The reply should match the listing below character for character, except that no image is carried over.

> _Task input_:

_ _ _ _ _

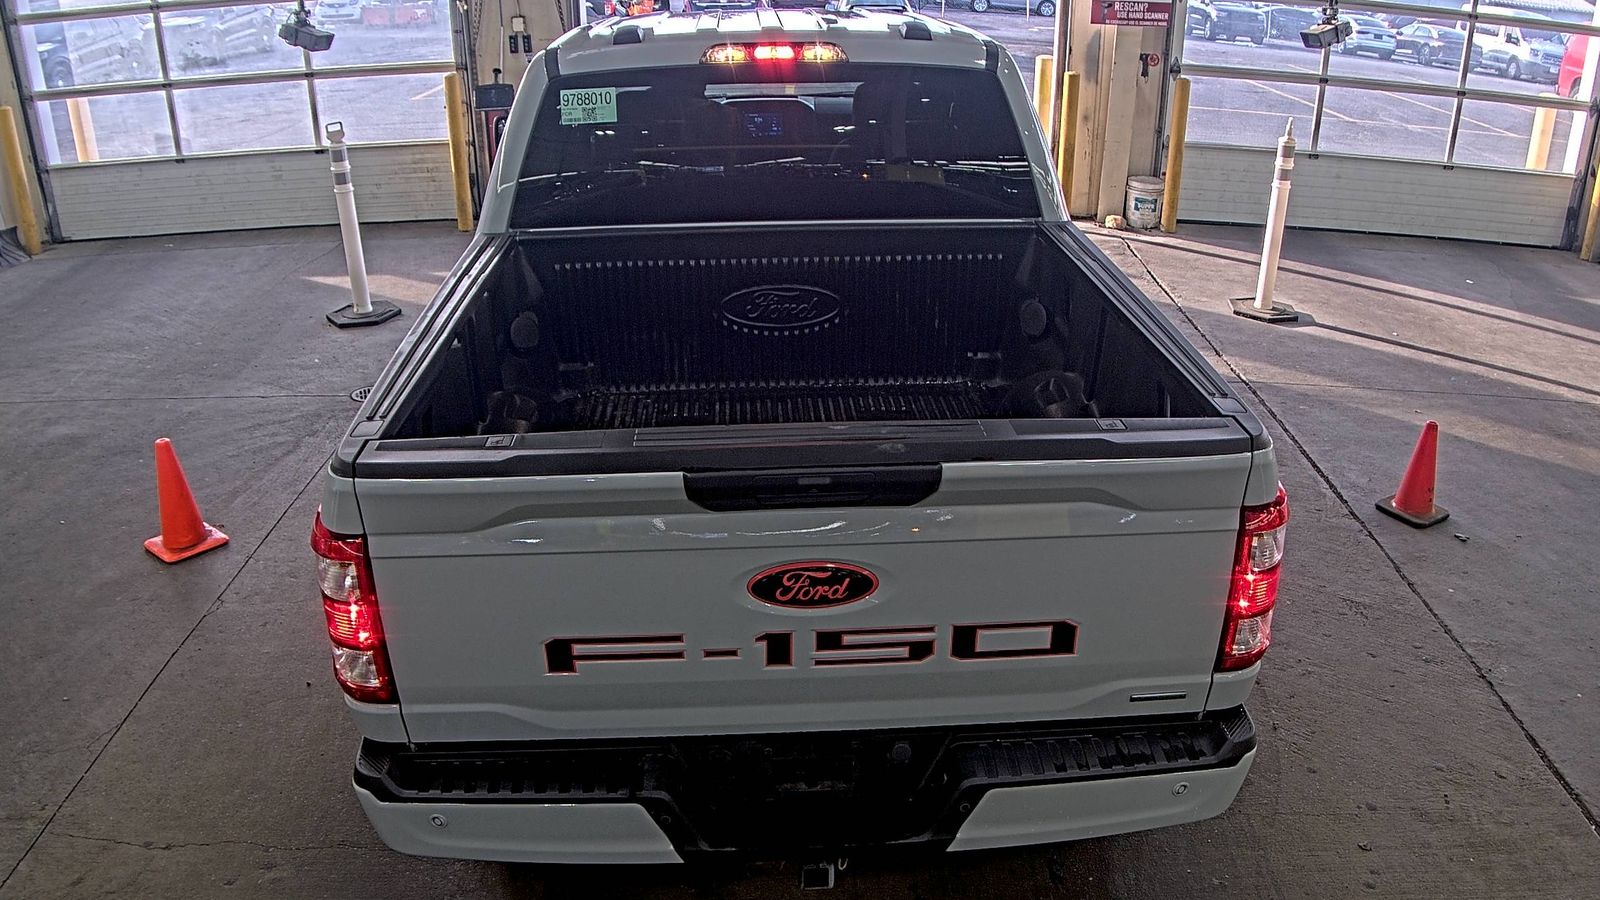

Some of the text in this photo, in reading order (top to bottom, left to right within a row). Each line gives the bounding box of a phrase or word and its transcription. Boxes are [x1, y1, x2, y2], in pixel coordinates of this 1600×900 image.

[1114, 2, 1149, 12] RESCAN?
[1117, 11, 1128, 19] USE
[1144, 12, 1169, 20] SCANNER
[562, 91, 612, 107] 9788010
[745, 290, 819, 318] Ford
[775, 570, 850, 601] Ford
[544, 618, 1080, 676] F-150
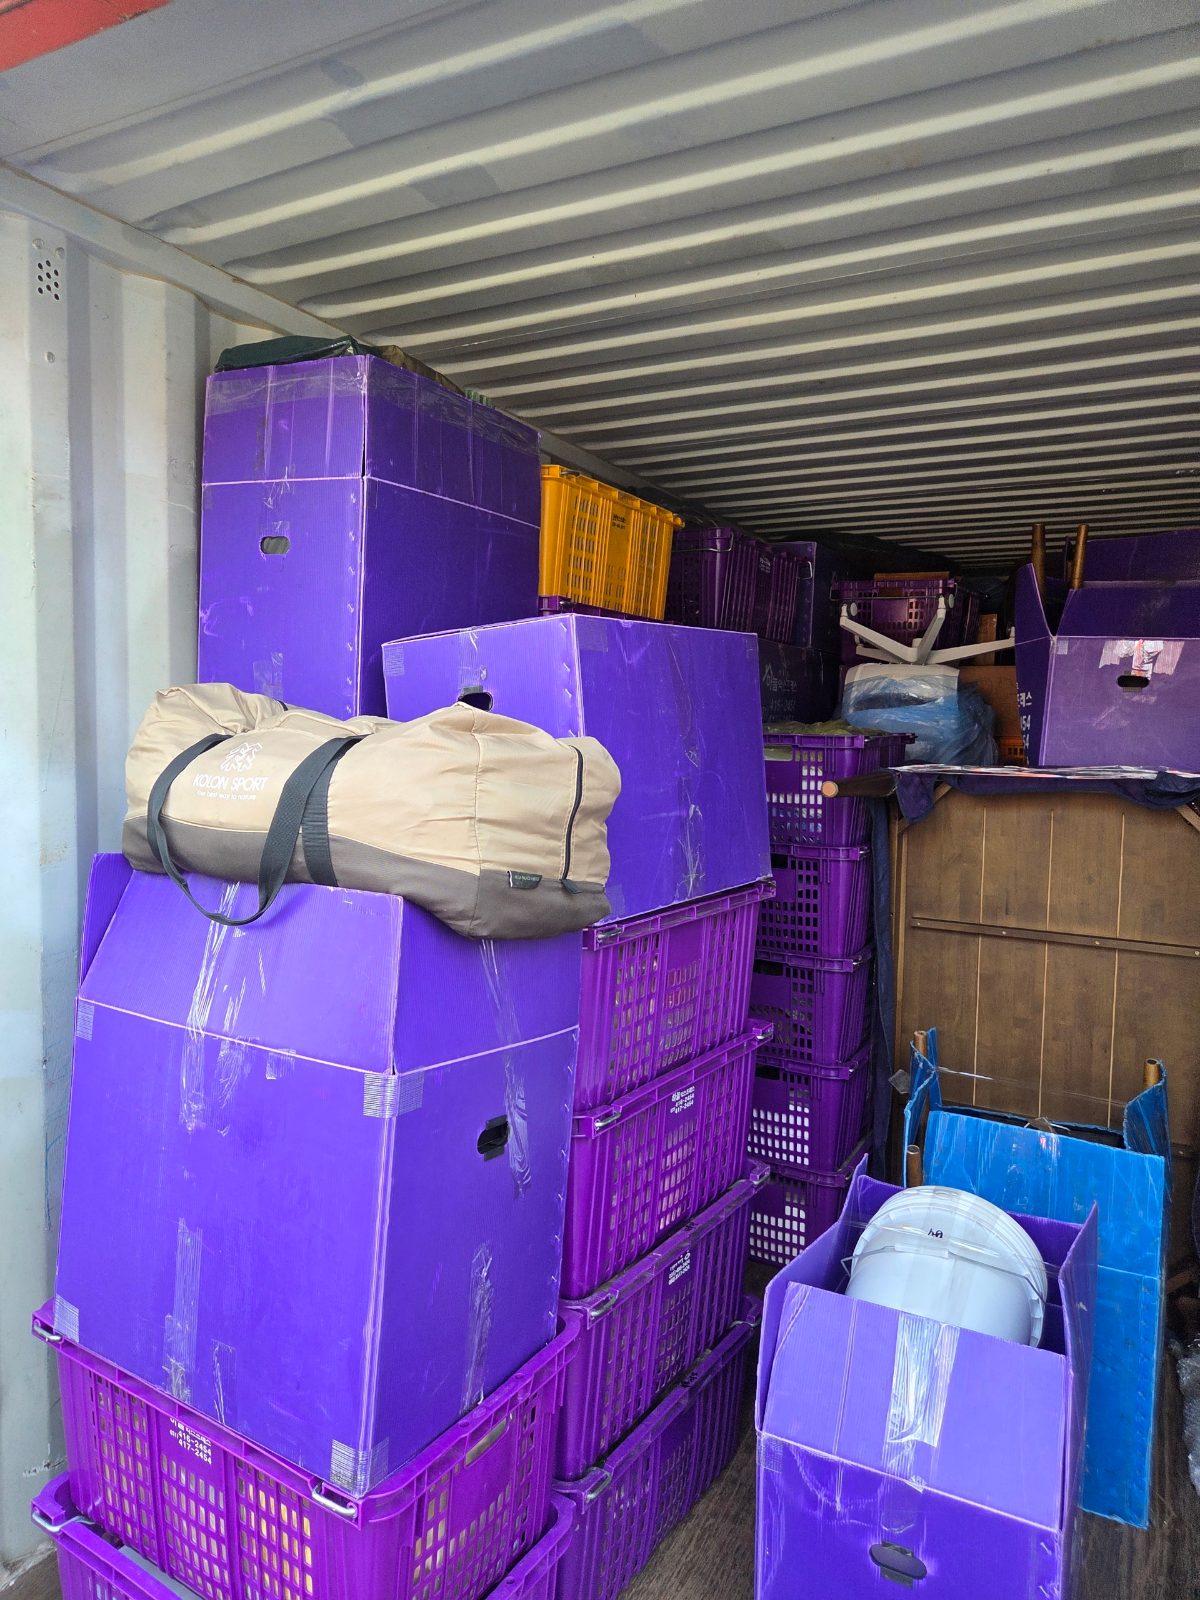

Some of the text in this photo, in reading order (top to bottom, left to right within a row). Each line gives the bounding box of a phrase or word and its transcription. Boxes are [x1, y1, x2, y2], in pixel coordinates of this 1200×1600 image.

[192, 773, 269, 792] KOLON SPORT
[178, 1430, 212, 1456] 416-2454
[178, 1439, 212, 1464] 417-2454
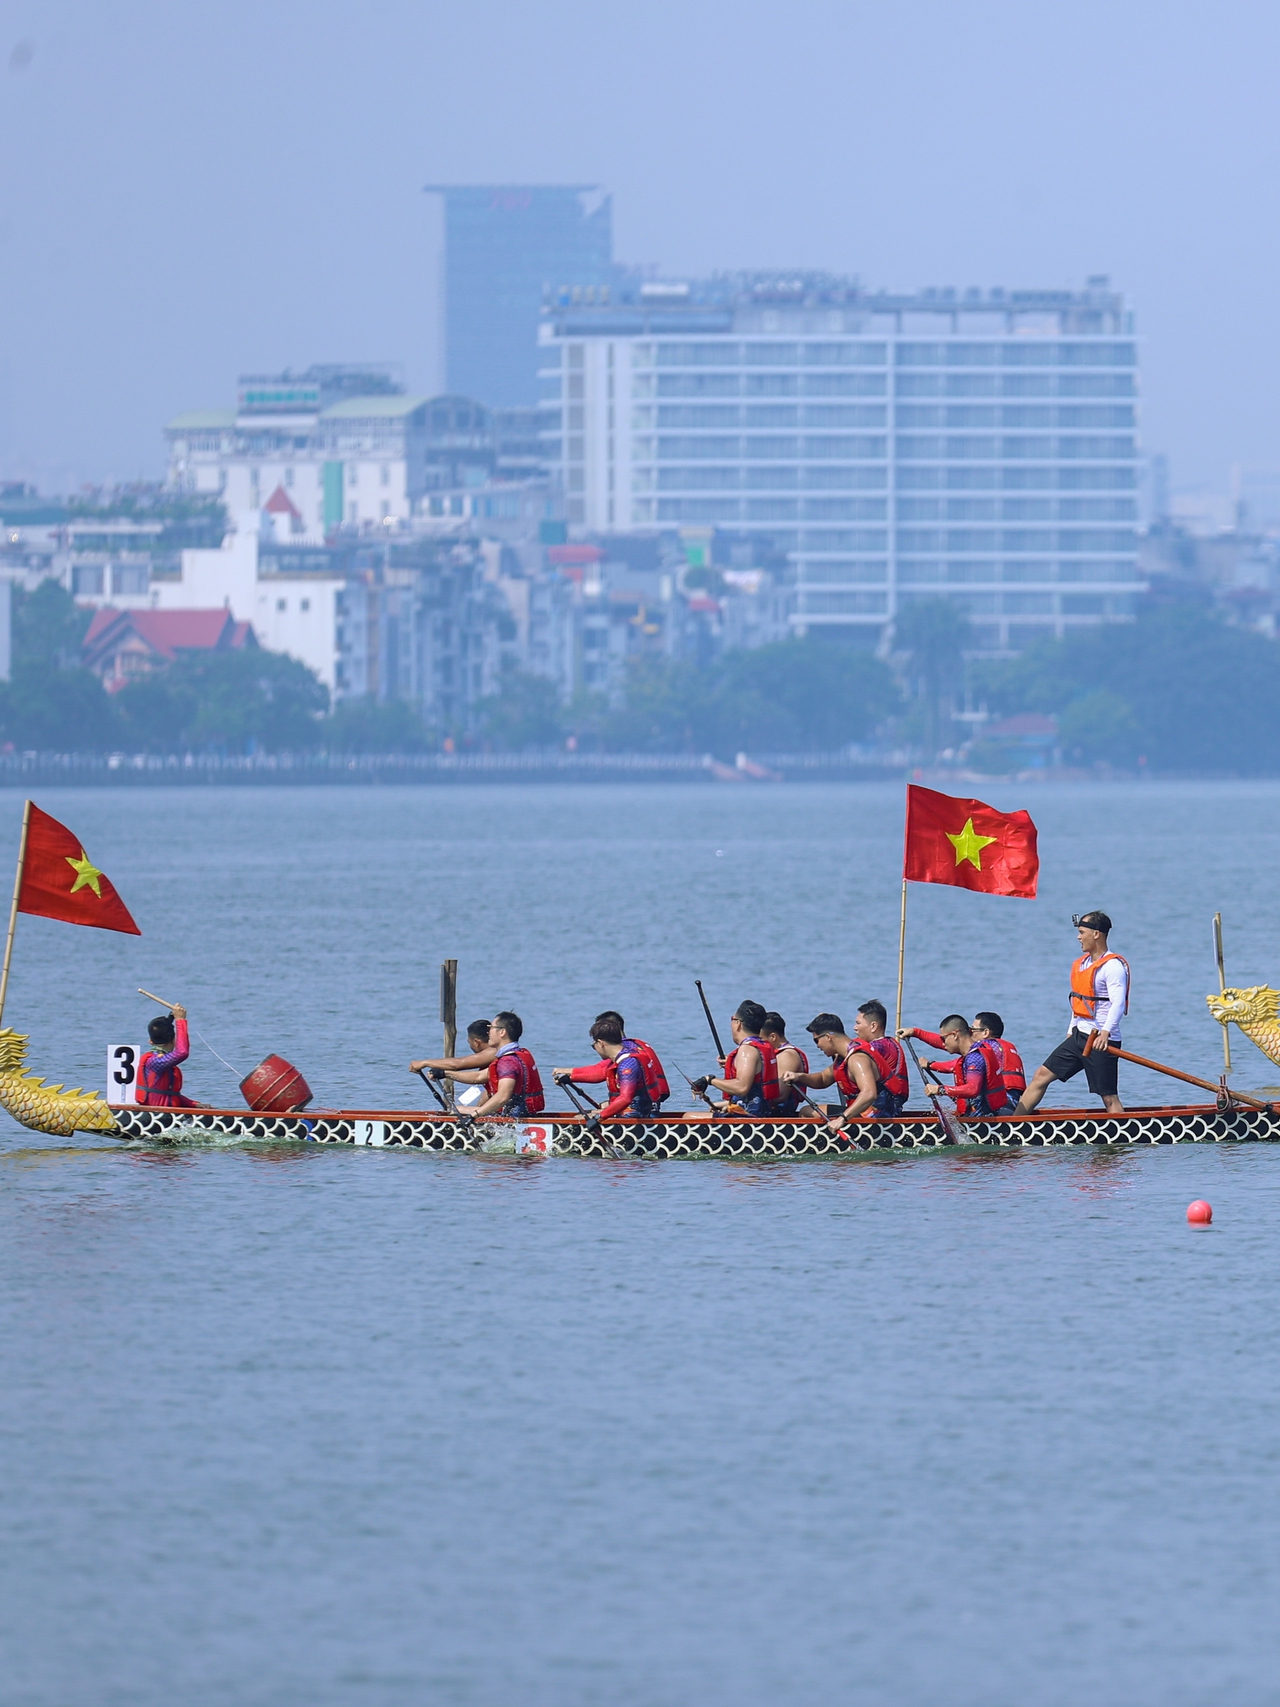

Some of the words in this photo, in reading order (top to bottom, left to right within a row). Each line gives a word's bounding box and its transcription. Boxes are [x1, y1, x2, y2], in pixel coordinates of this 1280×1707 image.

_ _ _ _ _

> _Exercise output_:
Some of the text in this photo, in reading order (top to bottom, left to right within a row). Each line gives the bounding box of a phrase or word and its transcription. Boxes are [x1, y1, x2, y2], in pixel coordinates of this 1600×900 image.

[1114, 2, 1149, 12] RESCAN?
[1117, 11, 1128, 19] USE
[1144, 12, 1169, 20] SCANNER
[562, 91, 612, 107] 9788010
[745, 290, 819, 318] Ford
[775, 570, 850, 601] Ford
[544, 618, 1080, 676] F-150

Some of the text in this photo, in reading order (top to bottom, left to right within a row). Each line gives the bounding box of a phrase or word and its transcription. Boxes are [x1, y1, x2, y2], in pixel coordinates of this 1200×1600 image.

[192, 773, 269, 792] KOLON SPORT
[178, 1430, 212, 1456] 416-2454
[178, 1439, 212, 1464] 417-2454

Some of the words in this photo, in reading order (top to bottom, left to right within a row). Each line gives a word's bounding box and its transcription. Boxes are [x1, y1, x2, y2], in pixel coordinates of this 1280×1707 image.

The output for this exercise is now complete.